The movie follows Ryland Grace, played by Ryan Gosling, a science teacher and biologist who wakes up alone on a mission to save Earth from a sun-dimming threat called astrophage. That setup could easily have turned into another heavy-handed Hollywood lecture, but instead it delivers a genuinely fun, family-friendly sci-fi adventure.
And the audience response says plenty.
Project Hail Mary has earned a 95% critics score and a 96% audience score on Rotten Tomatoes. It’s done some great box office as well. It opened with about $80.6 million domestically and more than $140 million worldwide. That is not the sign of a movie people tolerated because critics told them to. That is a sign of a movie people actually liked.

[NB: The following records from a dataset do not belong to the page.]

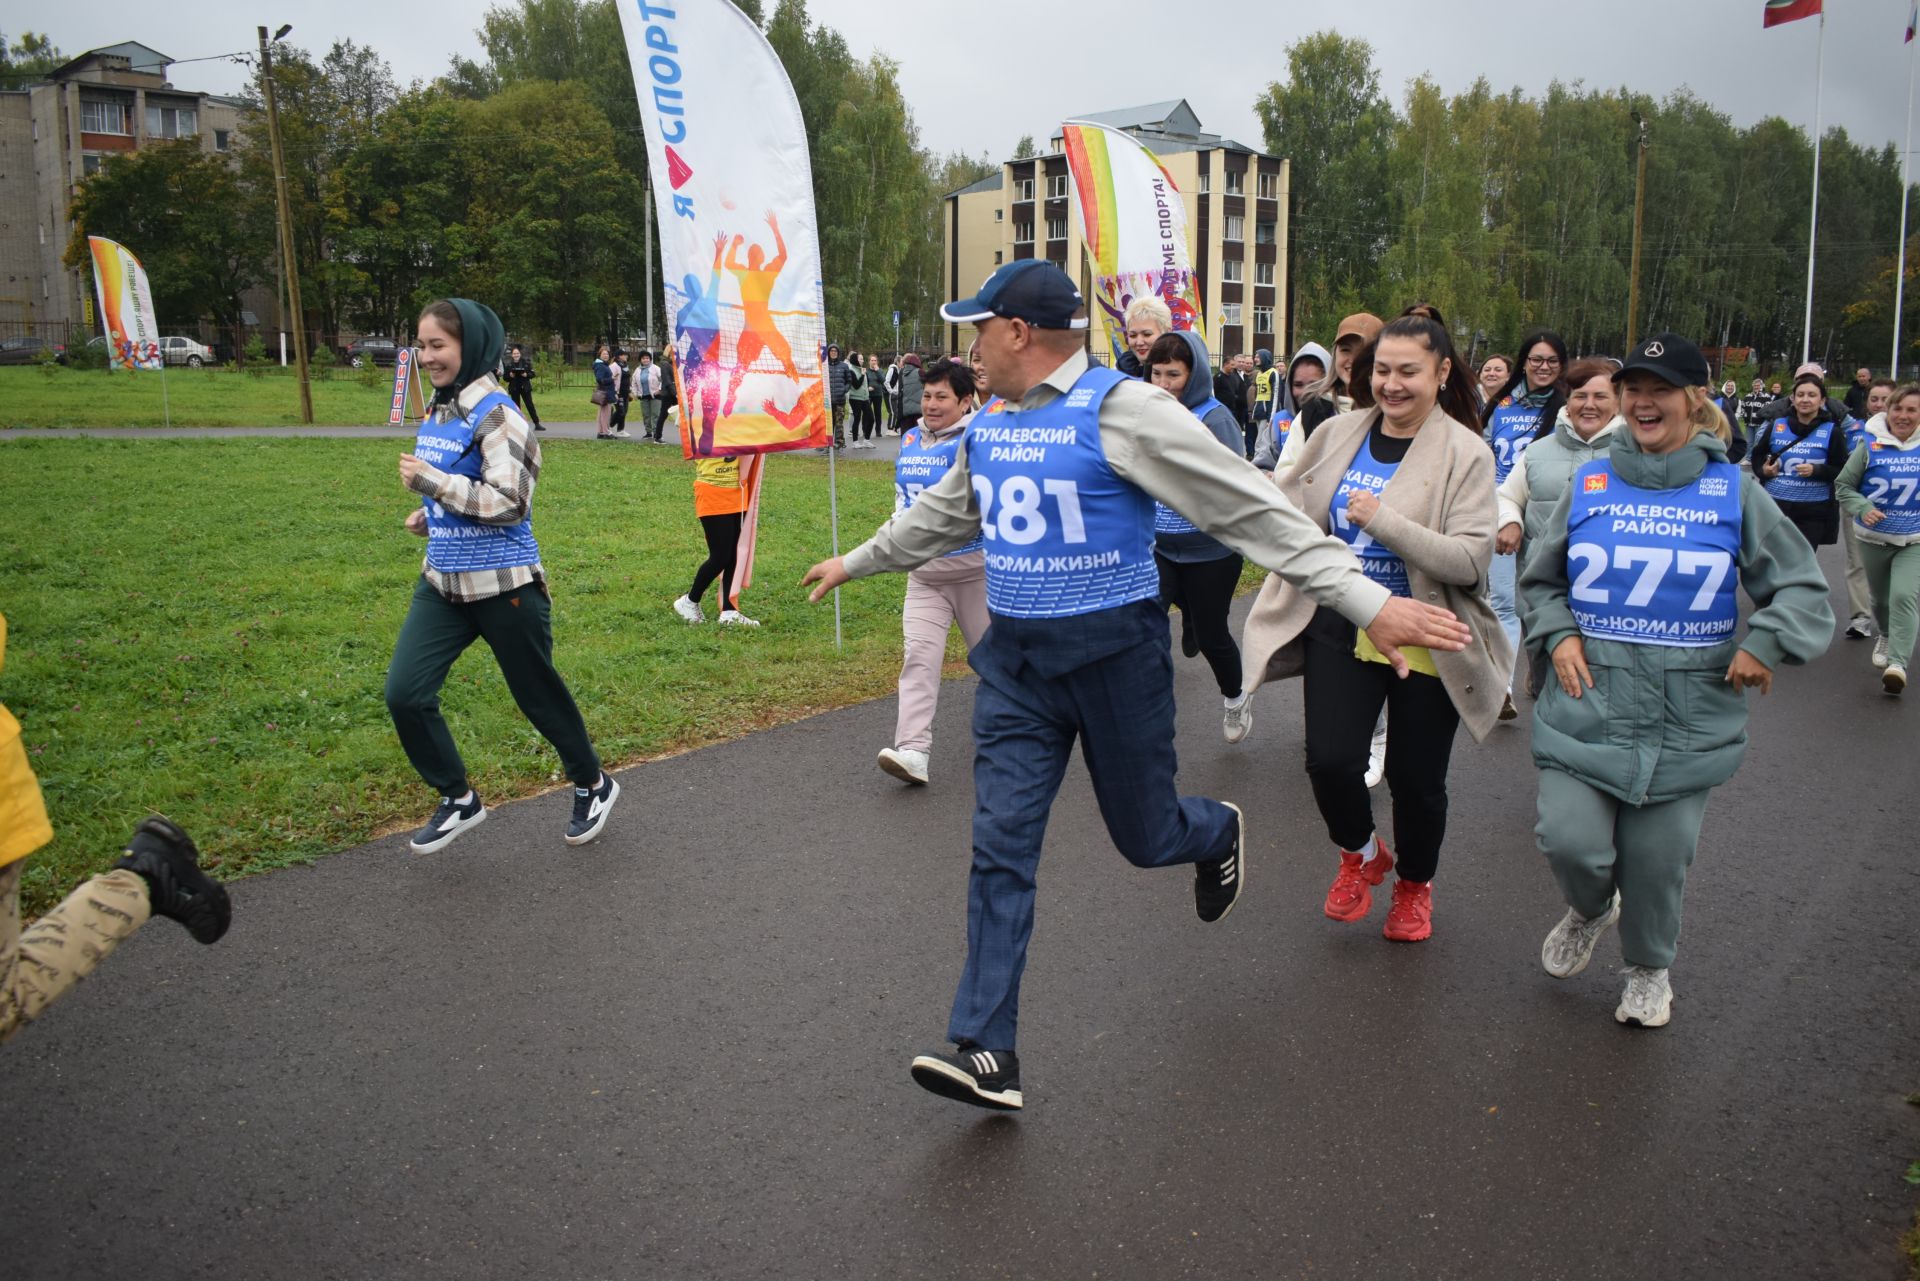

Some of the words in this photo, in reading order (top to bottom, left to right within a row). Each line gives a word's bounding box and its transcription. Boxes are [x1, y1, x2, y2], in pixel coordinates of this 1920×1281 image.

[637, 0, 687, 145] СПОРТ
[672, 193, 695, 222] Я
[1152, 178, 1173, 240] СПОРТА!
[390, 349, 409, 423] ФИНИШ
[973, 426, 1077, 445] ТУКАЕВСКИЙ
[415, 447, 443, 463] РАЙОН
[989, 443, 1046, 463] РАЙОН
[902, 465, 930, 476] РАЙОН
[1867, 477, 1920, 506] 27
[971, 474, 1087, 546] 281
[1587, 503, 1719, 525] ТУКАЕВСКИЙ
[1611, 518, 1686, 538] РАЙОН
[989, 555, 1046, 573] НОРМА
[1047, 549, 1121, 573] ЖИЗНИ
[1567, 542, 1731, 611] 277
[1610, 616, 1680, 635] НОРМА
[1682, 617, 1734, 635] ЖИЗНИ
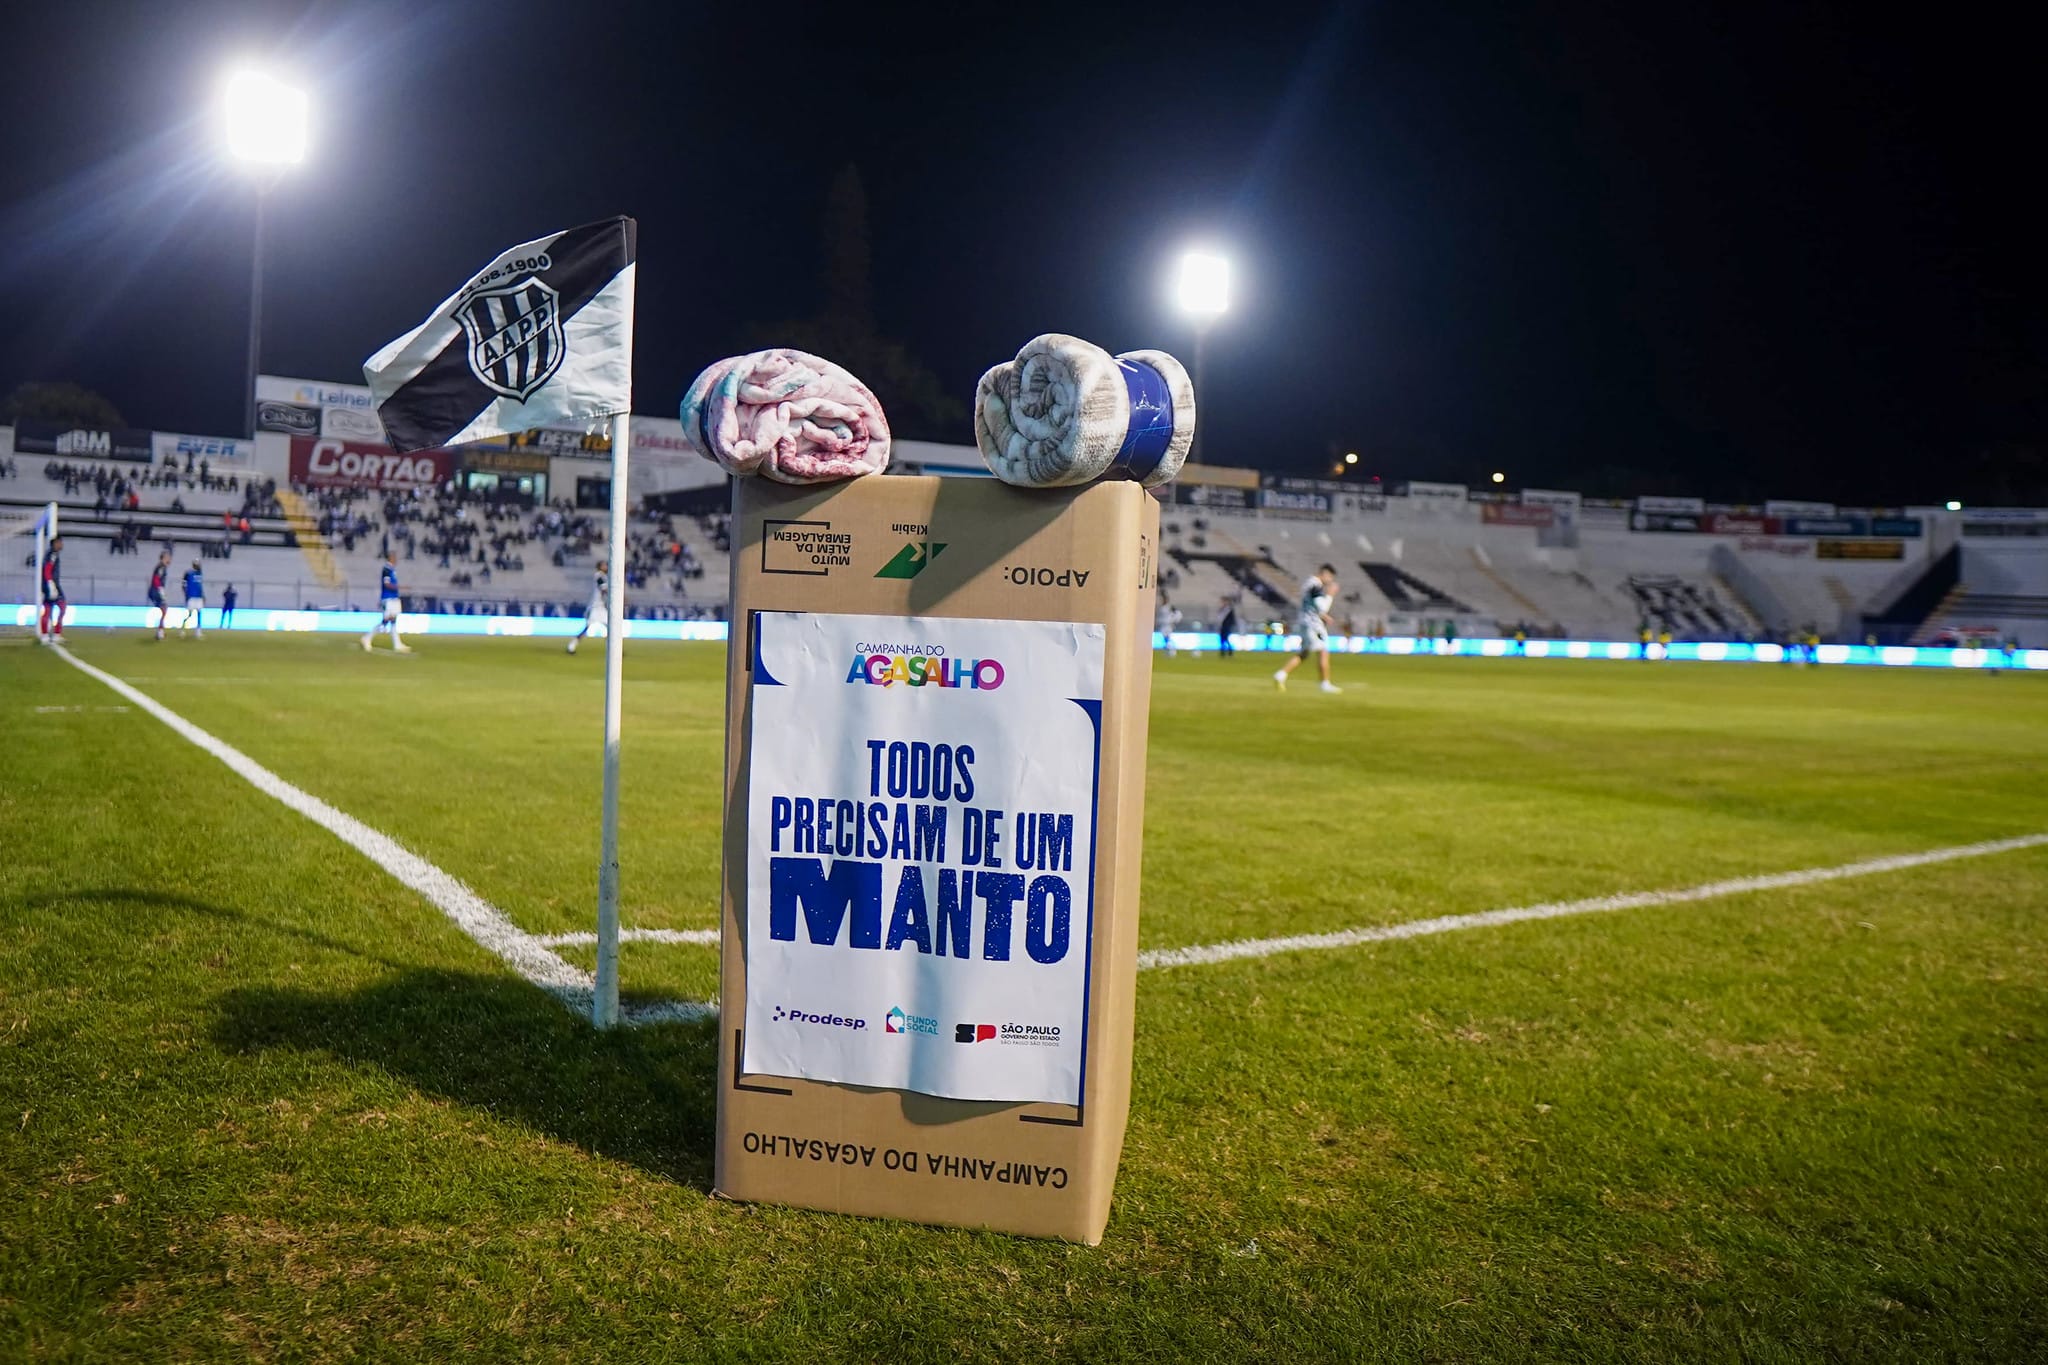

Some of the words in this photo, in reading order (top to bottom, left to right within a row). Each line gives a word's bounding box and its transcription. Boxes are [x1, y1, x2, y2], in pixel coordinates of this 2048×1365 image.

[308, 439, 436, 482] CORTAG
[774, 531, 851, 544] EMBALAGEM
[892, 523, 928, 535] Klabin
[796, 543, 813, 553] DA
[817, 544, 851, 556] ALÉM
[811, 554, 850, 566] MUITO
[1004, 567, 1090, 588] APOIO:
[855, 642, 923, 655] CAMPANHA
[926, 645, 945, 656] DO
[846, 655, 1005, 690] AGASALHO
[867, 740, 975, 802] TODOS
[771, 796, 948, 863] PRECISAM
[962, 807, 1003, 868] DE
[1015, 812, 1073, 871] UM
[770, 857, 1072, 964] MANTO
[789, 1010, 866, 1031] Prodesp
[906, 1015, 938, 1027] FUNDO
[906, 1023, 939, 1035] SOCIAL
[1001, 1023, 1023, 1034] SÃO
[1025, 1025, 1061, 1035] PAULO
[744, 1132, 876, 1167] AGASALHO
[884, 1149, 918, 1173] DO
[927, 1152, 1069, 1189] CAMPANHA
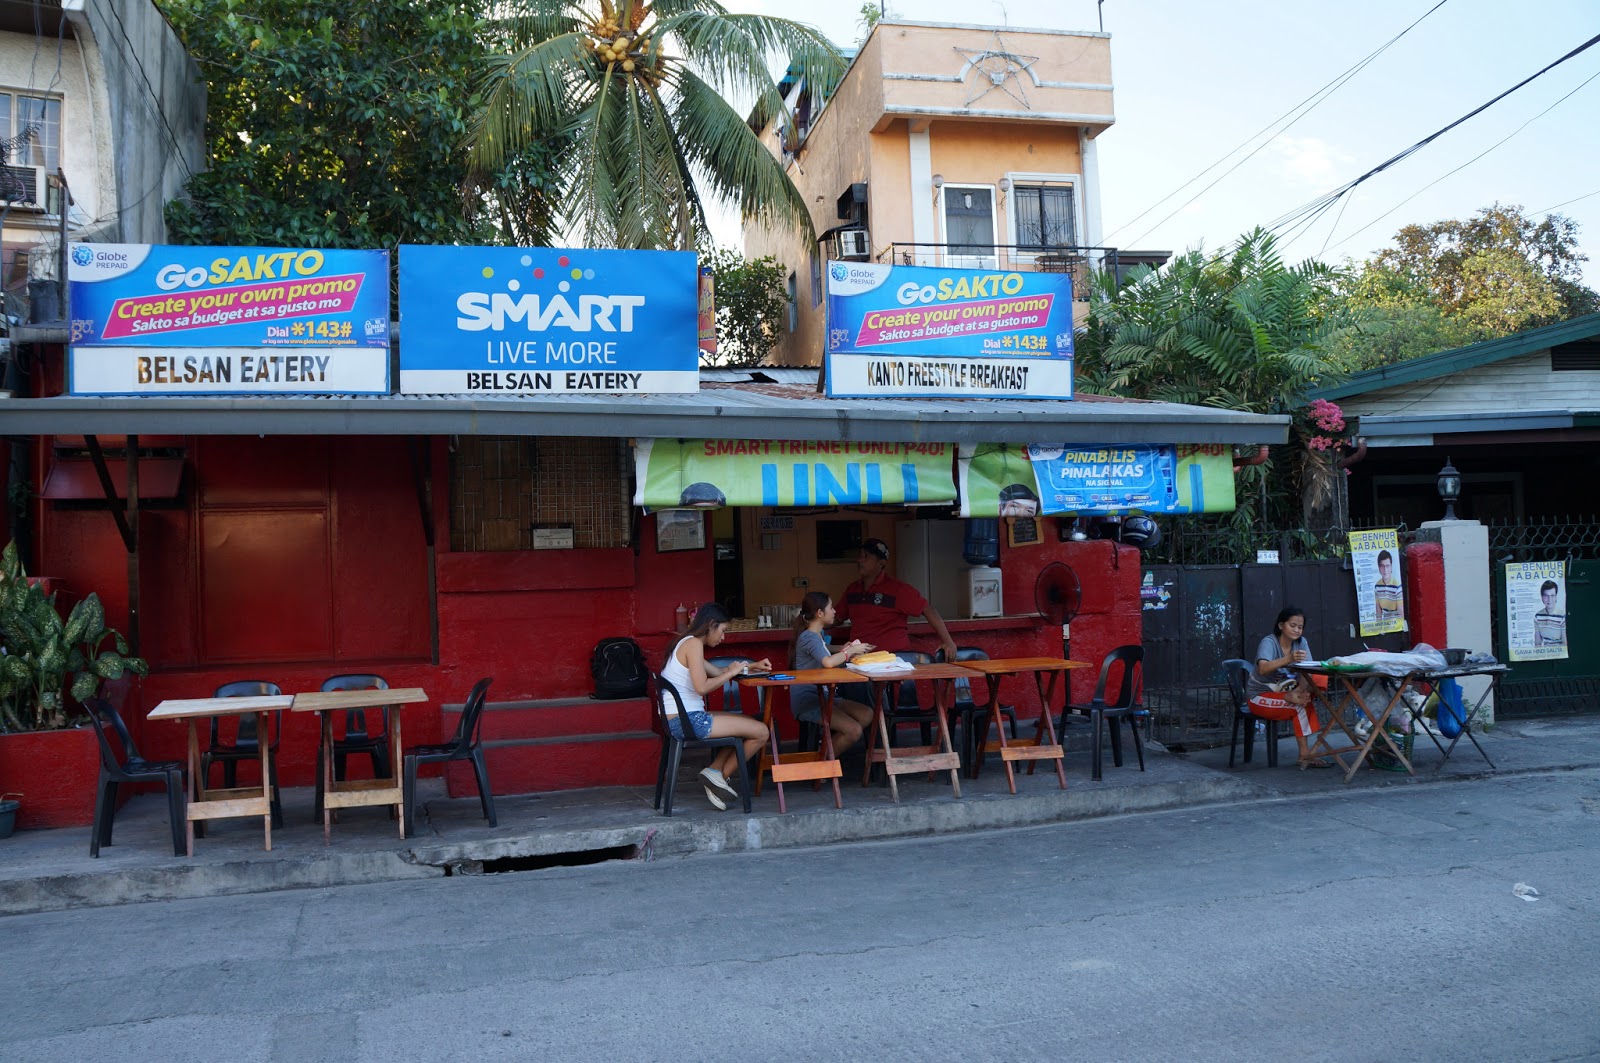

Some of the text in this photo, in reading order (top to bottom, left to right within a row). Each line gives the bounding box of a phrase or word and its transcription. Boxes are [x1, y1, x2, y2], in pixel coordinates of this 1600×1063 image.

[97, 252, 127, 261] Globe
[156, 250, 324, 290] GoSAKTO
[850, 268, 874, 278] Globe
[896, 273, 1024, 305] GoSAKTO
[118, 278, 356, 319] Create your own promo
[131, 297, 342, 332] Sakto sa budget at sa gusto mo
[456, 292, 646, 332] SMART
[867, 298, 1049, 330] Create your own promo
[267, 326, 289, 337] Dial
[878, 314, 1038, 342] Sakto sa budget at sa gusto mo
[984, 338, 1001, 348] Dial
[487, 341, 618, 364] LIVE MORE
[138, 355, 330, 384] BELSAN EATERY
[867, 362, 1029, 390] KANTO FREESTYLE BREAKFAST
[467, 372, 643, 390] BELSAN EATERY
[704, 439, 772, 456] SMART
[777, 440, 850, 455] TRI-NET
[857, 440, 900, 455] UNLI
[1064, 450, 1136, 464] PINABILIS
[1060, 464, 1144, 479] PINALAKAS
[1358, 540, 1396, 550] ABALOS
[1362, 531, 1396, 542] BENHUR
[1516, 570, 1564, 580] ABALOS
[1522, 561, 1563, 572] BENHUR

That matters because Hollywood has been severely lacking in good storytelling for years after forgetting how to make movies people want to see. It’s like they’ve gotten lazy, pushing out endless sequels, remaking a classic with a race swap or a gender swap, or injecting a political lecture into a script and calling it progress. Then they act shocked when audiences roll their eyes and stay home. Heck, even their target audiences don’t seem to want to see the crap they’re churning out. Remember that gay rom-com Bros that tanked? Not even the LGBTQ community bothered to support it.
Project Hail Mary is a reminder that people still show up for original stories when the movie respects them.
It also helps that the film appears to have none of the usual baggage that turns a night at the movies into a cause for concern for parents with young kids. There’s no nudity or sexual content, and I don’t even recall there being any profanity. In other words, it’s the rare modern release that parents can actually take seriously as entertainment for a broad audience.
That stands in sharp contrast to the mess Hollywood keeps shoving down our throats. As you know, Disney has made a habit of “updating” classic stories with race-swaps and overt ideological signaling, then pretending that criticism is the problem rather than the execution. Even HBO’s new Harry Potter series has sparked controversy over casting a black actor to portray Severus Snape, a move that fans of the franchise know will create a racial subtext in his backstory, making Harry Potter’s father seem racist.
That’s why the success of Project Hail Mary is so refreshing. It proves that audiences do not need to be lectured, scolded, or re-educated every time they buy a ticket. In the end, we want a good story and great characters. If Hollywood can learn anything from Project Hail Mary, it’s that original movies can still win, family-friendly movies can still draw crowds, and viewers are perfectly capable of rewarding good storytelling without the social-justice sermon attached.